Esta noite, a hora indeterminada,
desconhecidos vandalizaram o monumento ao fado, constituído por uma guitarra de
Coimbra em forma estilizada de mulher, junto aos Arcos de Almedina e da
Traição. Tributo à Canção de Coimbra, esperada classificação, a par de Lisboa,
como património imaterial da humanidade, elegia sentida à alma da cidade, esta
espectacular obra de arte em bronze, a par também da escultura de homenagem à
Tricana de Coimbra com assento no início das Escadas de Quebra-Costas, é da
autoria do escultor Alves André.
Segundo o testemunho de Catarina Rosas, de uma
loja de artesanato em frente, que gentilmente cedeu as fotos, “de manhã, quando chegámos para abrir a
porta, deparamo-nos com este atentado à cultura, desrespeito profundo ao
património artístico da cidade, e ofensa ao génio humano.”
À hora que escrevo, cerca do meio-dia,
saliento o facto positivo de dois funcionários camarários já terem reparado a
escultura, assim como, em tentativa falhada, a parede pintada do banco Millenium, ao lado, e também grafitada com
uma frase, curiosamente, “abaixo o machismo contra a cultura”.
Lembro os atentados, nos últimos anos, no
Jardim da Sereia -a própria Tricana de Coimbra, inaugurada em 2008, obra do mesmo autor e situada um pouco mais acima, já foi também vandalizada. Recordo há cerca de um mês a destruição de um corrimão em
ferro numa escada da Alta. Em face dos milhares de euros despendidos pelo
erário público, alguma coisa terá de se fazer. Não se pode, passivamente,
continuar a olhar para estes desmandos como coisa vulgar e que vai caindo numa
certa habituação. Isto acontece por três motivos. O principal é o continuado
desinvestimento na educação e a seguir na formação de adultos.
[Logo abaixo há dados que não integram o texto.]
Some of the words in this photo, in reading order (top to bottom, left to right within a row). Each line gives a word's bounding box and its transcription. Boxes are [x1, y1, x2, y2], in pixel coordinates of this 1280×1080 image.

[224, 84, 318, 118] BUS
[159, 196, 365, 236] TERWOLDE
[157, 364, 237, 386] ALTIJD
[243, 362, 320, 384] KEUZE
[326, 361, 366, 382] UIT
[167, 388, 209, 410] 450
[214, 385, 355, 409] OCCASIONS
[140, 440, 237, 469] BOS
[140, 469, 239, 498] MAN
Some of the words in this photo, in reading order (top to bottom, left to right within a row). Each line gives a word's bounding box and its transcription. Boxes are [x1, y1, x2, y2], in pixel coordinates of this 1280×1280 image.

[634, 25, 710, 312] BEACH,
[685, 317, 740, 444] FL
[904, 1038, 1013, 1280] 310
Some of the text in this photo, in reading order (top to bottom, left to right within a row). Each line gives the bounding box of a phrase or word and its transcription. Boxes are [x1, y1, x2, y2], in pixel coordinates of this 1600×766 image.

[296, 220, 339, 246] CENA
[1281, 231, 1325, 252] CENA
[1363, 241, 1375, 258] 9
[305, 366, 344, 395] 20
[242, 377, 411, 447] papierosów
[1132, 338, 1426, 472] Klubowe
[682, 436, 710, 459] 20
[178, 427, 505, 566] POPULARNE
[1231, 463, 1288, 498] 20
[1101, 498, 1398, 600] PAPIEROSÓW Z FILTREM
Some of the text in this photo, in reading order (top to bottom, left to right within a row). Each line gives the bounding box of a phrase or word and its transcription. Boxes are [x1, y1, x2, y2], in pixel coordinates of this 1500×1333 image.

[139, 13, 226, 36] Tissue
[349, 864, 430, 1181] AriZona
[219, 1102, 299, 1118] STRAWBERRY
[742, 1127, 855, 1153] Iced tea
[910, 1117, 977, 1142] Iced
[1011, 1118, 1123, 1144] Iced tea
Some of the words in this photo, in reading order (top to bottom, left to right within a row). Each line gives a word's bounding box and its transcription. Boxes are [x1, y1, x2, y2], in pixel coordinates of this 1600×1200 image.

Quem fez isto é
crescidinho. O ensino universitário continua a apostar apenas na
intelectualização e pouco na cidadania. O segundo é o continuar a licenciar
estabelecimentos toda a noite e como se este fosse um caminho certo para manter
os jovens ocupados. Caminhamos alegremente para o abismo social e, pela passividade,
pela falta de exigência cidadã, deixamos que os (maus) gestores municipais,
esquecendo os moradores, sejam coniventes com o apocalipse da vivência nas
urbes e da aniquilação social dos jovens e continuem a semear a cultura do
noctívago selvagem. Em terceiro lugar, é a falta de policiamento, de vigilância, que contribui para o abandalhamento da convivência com a arte.
Hoje, e já há bastante tempo, o Centro Histórico, Baixa e Alta, está entregue à
sua sorte. O que é de admirar, por incrível que pareça, é não a haver ainda mais
devastação monumental. Neste estado a que chegámos a norma é imperativa: “faz o que te apetece! Se estás frustrado
com a tua vida, bebe uns copos e arrasa qualquer coisa!”.
3 comentários:
Ahahaha! Contra CUltura... não será uma referência ao avantjado traseito da estátua?
Obrigada, Andreia. Leia aqui a sua resposta:
http://questoesnacionais.blogspot.pt/2014/07/um-comentario-recebido-e-uma-resposta.html
Eu acho lamentável que se vandalize uma escultura que simboliza precisamente a cultura de um povo e em especial de uma cidade que é milenar, universitária e que deve saber respeitar ideias e opiniões diversas com inteligência, civismo e decência.